A psychiatrist exits the noisy environment to confront a patient confined to a small safe-room. The psychiatrist notes that its patient has ripped the radio out of the wall to silence it. The room seems unnaturally quiet to the psychiatrist, yet the patient seems perfectly at ease, even happy. The patient, Albert Brock, calls himself "The Murderer", and demonstrates his murderous ability by destroying the psychiatrist's wrist radio.

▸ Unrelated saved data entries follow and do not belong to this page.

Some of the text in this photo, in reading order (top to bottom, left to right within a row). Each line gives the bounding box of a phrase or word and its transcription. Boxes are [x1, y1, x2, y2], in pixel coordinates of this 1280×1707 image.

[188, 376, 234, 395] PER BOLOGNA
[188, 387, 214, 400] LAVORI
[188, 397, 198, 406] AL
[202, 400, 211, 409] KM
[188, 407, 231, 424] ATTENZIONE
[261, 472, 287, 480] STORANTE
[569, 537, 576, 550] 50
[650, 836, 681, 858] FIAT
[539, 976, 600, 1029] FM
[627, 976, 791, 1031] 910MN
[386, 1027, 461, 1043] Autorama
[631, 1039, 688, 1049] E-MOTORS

Questioning reveals that the man had one day been driven mad by the constant expectations of communication inflicted upon him by society - his wife and children could speak with him whenever they wished, wherever they were; any person could call on him, and many did, simply to make use of their communications devices. He gives a striking image of a world in which humans are constantly bombarded by music, advertisement, propaganda and communication. He then describes his revelation; that if he shut off his phone, he could not be bothered by it. When he arrived home on that day, he discovered his wife, frantic at being out of touch with him for so long. This apparently drives home to him their terrible addiction to technology of communication. He begins to destroy things - his phone, his wrist radio, the television, any thing that could disrupt the peace he seeks. The man regrets only destroying the Insinkerator, which he used to mangle another piece of equipment. The Insinkerator, a sink drain disposal, he says, was a machine with a good solid purpose which did not disturb him with its functions, did not demand his attention, which only functioned when he asked it to.

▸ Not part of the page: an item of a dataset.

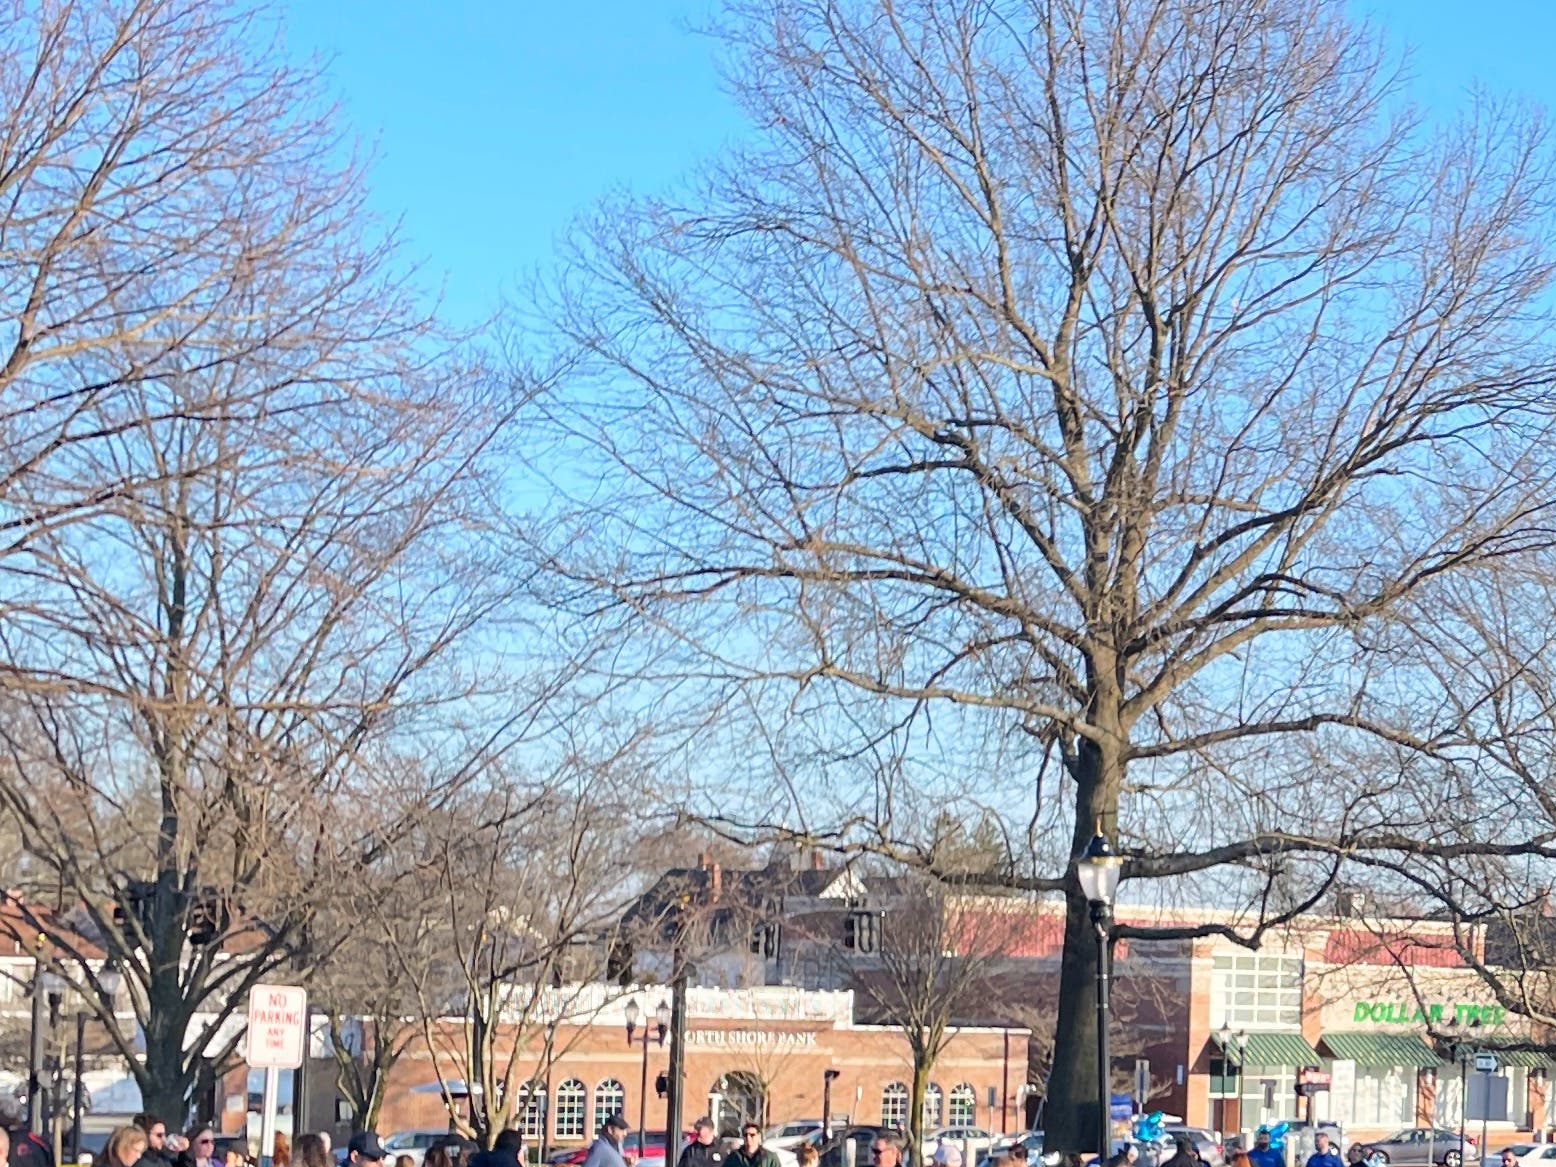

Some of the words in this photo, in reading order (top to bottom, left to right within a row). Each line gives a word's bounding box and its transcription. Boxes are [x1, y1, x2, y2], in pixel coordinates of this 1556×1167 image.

The man then describes his wonderful state of calm and relaxation, moments of total freedom of all responsibility and worry inflicted upon him by machines. The psychiatrist makes due note of this, prompting him with questions, even seeming to perhaps understand what the man feels. At the end of The Murderer's tale, however, the psychiatrist steps back into the world of music and talk, quickly relaying information on the man's condition to an aide over another communication device, and re-immerses himself into the glare of technology's power.

==Adaptations==
When Bradbury re-worked this story for his TV program The Ray Bradbury Theater, he changed the ending of the story. In the revised version, the psychiatrist returns to his office and, barraged by noise and electronics, destroys his newly replaced "lapel phone" and asks his secretary for a chocolate milkshake (to pour into his fax machine).

The story was adapted as a dark comedy/musical one-act play, marking the first collaboration of actor/writer Christian Scheider and artist Tucker Marder. It first premiered in August 2013 in Sag Harbor, NY. The cast consisted of Christian Scheider (The Murderer), Madeline Wise (The Psychiatrist), and Britt Mosley (Technology). The Production was directed by Tucker Marder.